TASK OBJECTIVE » In your copy of the data, include no pictures and alter nothing else.

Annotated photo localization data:

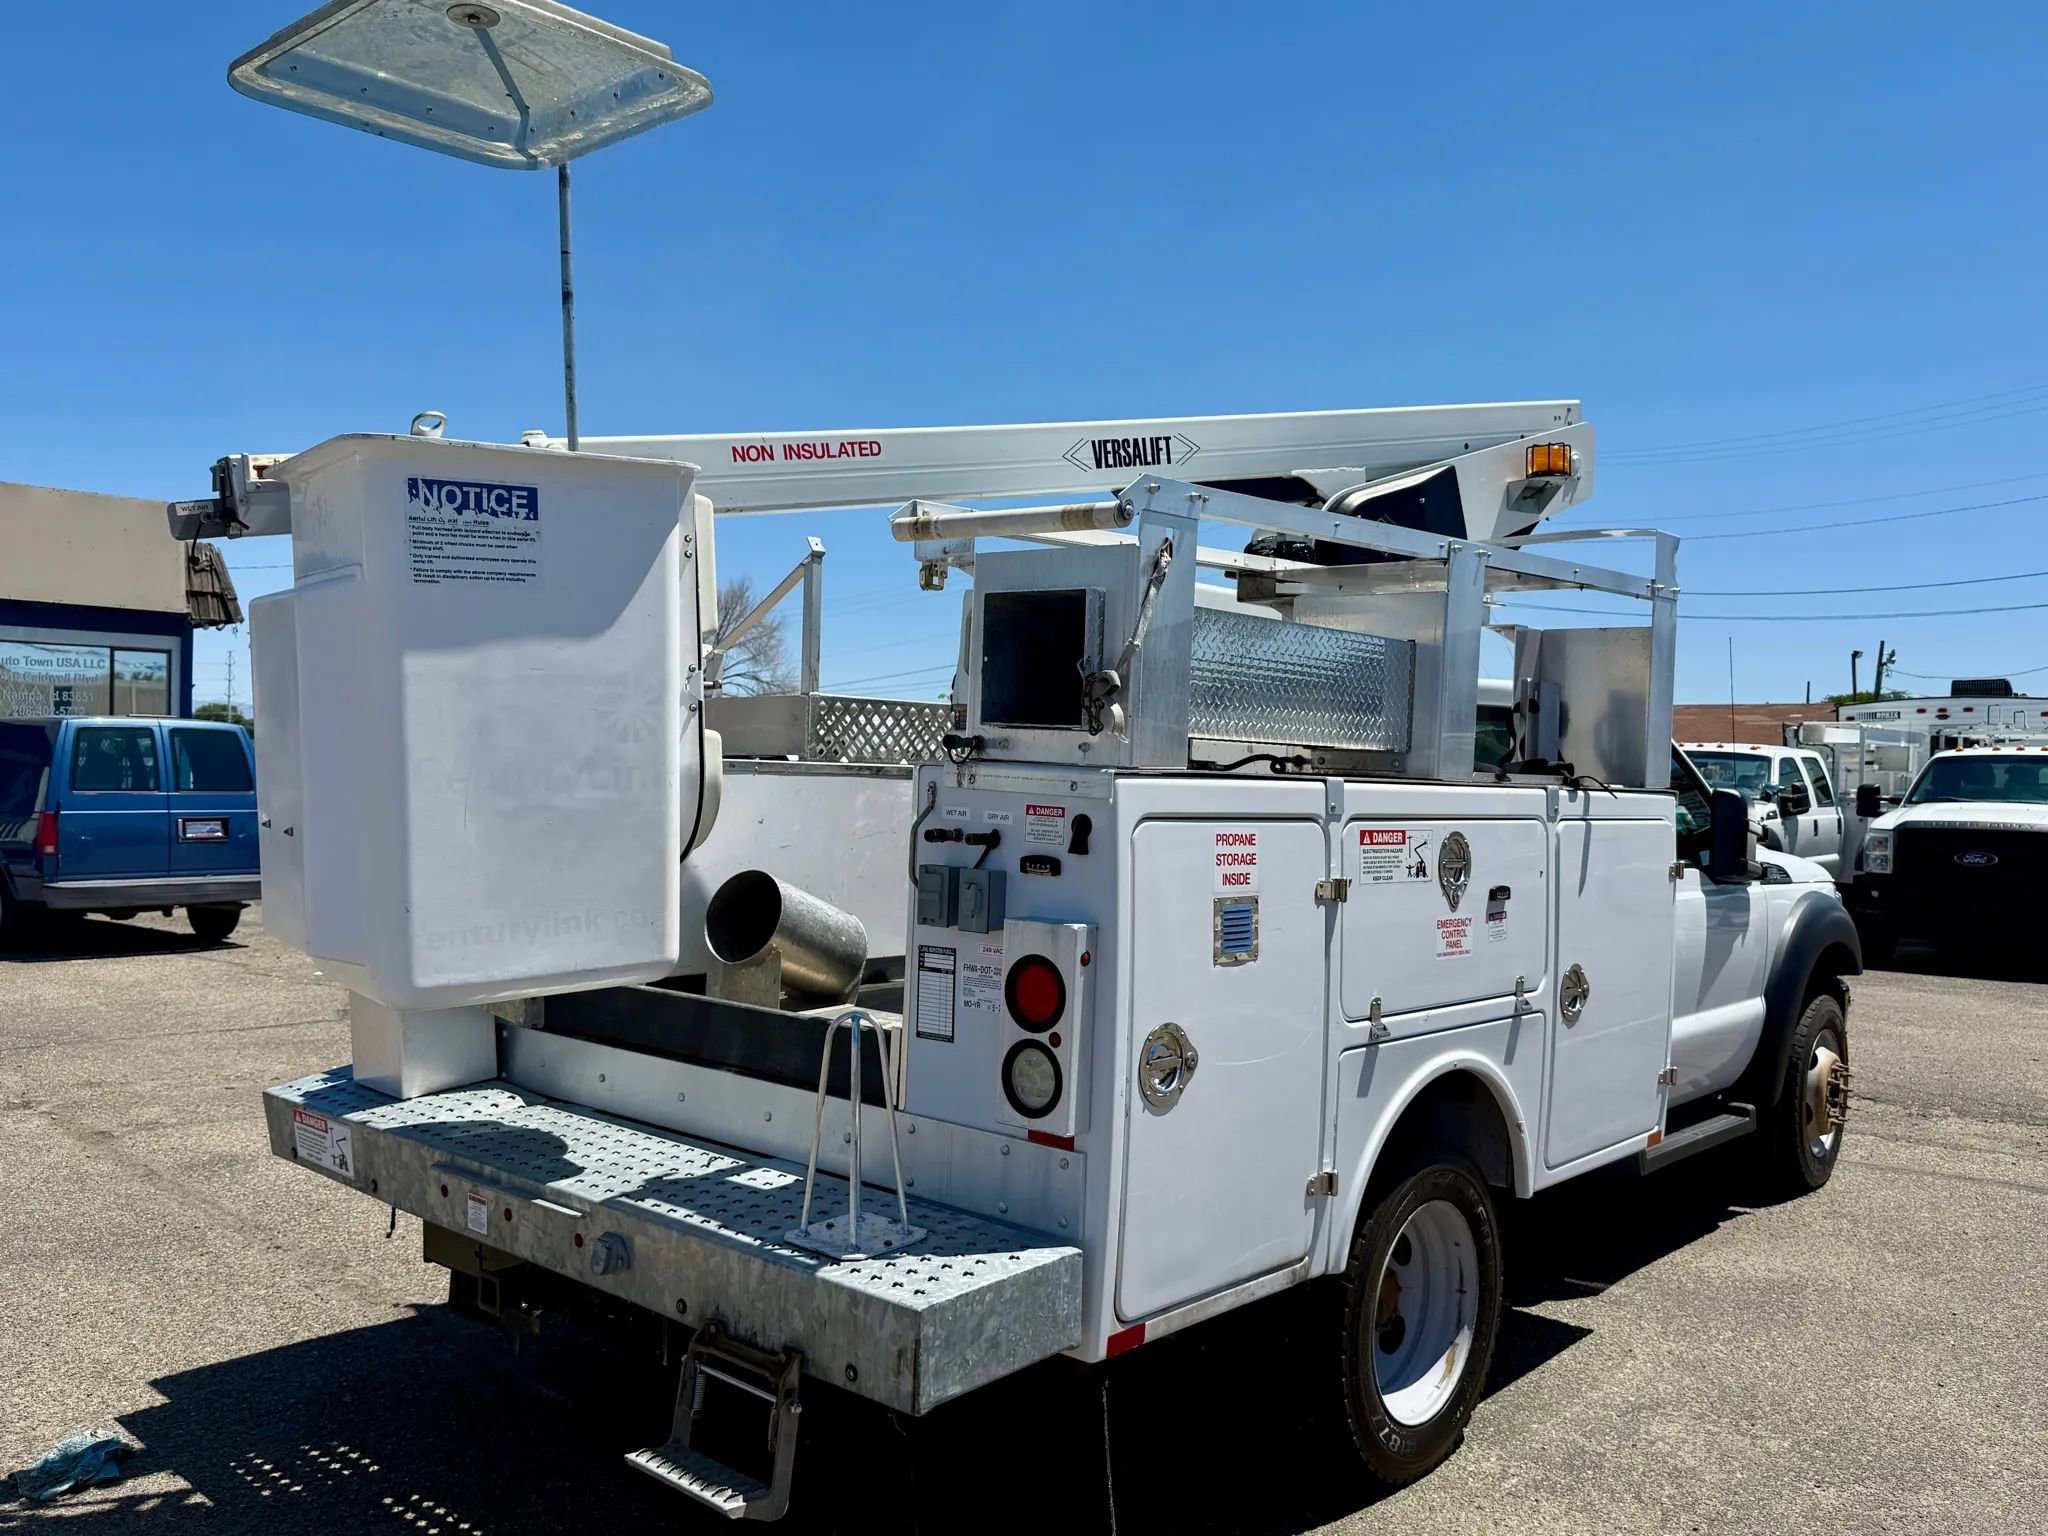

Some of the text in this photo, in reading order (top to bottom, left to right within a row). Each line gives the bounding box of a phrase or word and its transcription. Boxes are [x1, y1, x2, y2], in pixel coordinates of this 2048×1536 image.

[732, 441, 882, 463] NON INSULATED
[1091, 436, 1171, 469] VERSALIFT
[419, 484, 528, 514] NOTICE
[0, 656, 105, 669] uto Town USA LLC
[1036, 807, 1063, 816] DANGER
[1215, 833, 1256, 846] PROPANE
[1372, 832, 1403, 843] DANGER
[1215, 853, 1257, 866] STORAGE
[1963, 854, 1988, 864] Ford
[1222, 872, 1251, 886] INSIDE
[1436, 917, 1473, 930] EMERGENCY
[1441, 929, 1468, 940] CONTROL
[1445, 939, 1463, 950] PANEL

RESPONSE »
Some of the text in this photo, in reading order (top to bottom, left to right within a row). Each line gives the bounding box of a phrase or word and its transcription. Boxes are [x1, y1, x2, y2], in pixel coordinates of this 2048×1536 image.

[732, 441, 882, 463] NON INSULATED
[1091, 436, 1171, 469] VERSALIFT
[419, 484, 528, 514] NOTICE
[0, 656, 105, 669] uto Town USA LLC
[1036, 807, 1063, 816] DANGER
[1215, 833, 1256, 846] PROPANE
[1372, 832, 1403, 843] DANGER
[1215, 853, 1257, 866] STORAGE
[1963, 854, 1988, 864] Ford
[1222, 872, 1251, 886] INSIDE
[1436, 917, 1473, 930] EMERGENCY
[1441, 929, 1468, 940] CONTROL
[1445, 939, 1463, 950] PANEL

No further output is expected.